=== WORK REQUEST ===
Word for word, restate the data that follows, omitting the images.

=== INFORMATION ===
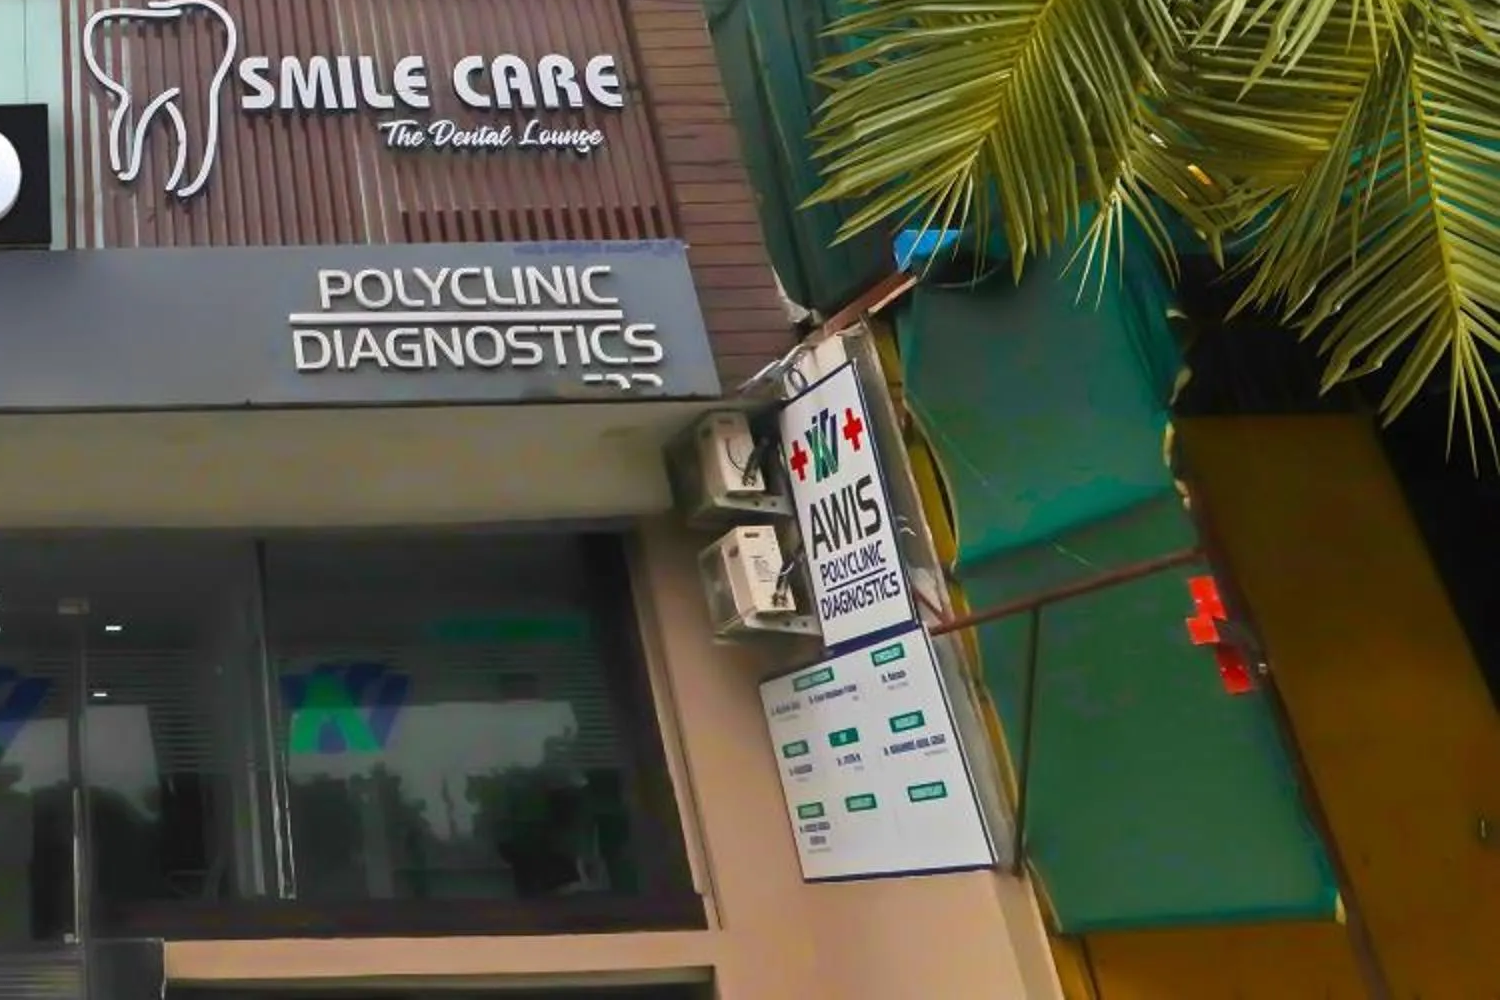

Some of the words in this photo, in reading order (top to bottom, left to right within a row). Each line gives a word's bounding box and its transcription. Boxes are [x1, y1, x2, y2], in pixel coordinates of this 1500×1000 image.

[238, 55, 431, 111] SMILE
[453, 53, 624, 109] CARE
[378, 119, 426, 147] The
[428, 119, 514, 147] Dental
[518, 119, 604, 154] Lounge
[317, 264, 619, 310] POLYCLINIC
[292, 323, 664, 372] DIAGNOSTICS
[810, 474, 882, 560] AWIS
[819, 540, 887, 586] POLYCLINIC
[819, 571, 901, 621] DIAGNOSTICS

=== RESPONSE TO THE EXERCISE ===
Some of the words in this photo, in reading order (top to bottom, left to right within a row). Each line gives a word's bounding box and its transcription. Boxes are [x1, y1, x2, y2], in pixel coordinates of this 1500×1000 image.

[238, 55, 431, 111] SMILE
[453, 53, 624, 109] CARE
[378, 119, 426, 147] The
[428, 119, 514, 147] Dental
[518, 119, 604, 154] Lounge
[317, 264, 619, 310] POLYCLINIC
[292, 323, 664, 372] DIAGNOSTICS
[810, 474, 882, 560] AWIS
[819, 540, 887, 586] POLYCLINIC
[819, 571, 901, 621] DIAGNOSTICS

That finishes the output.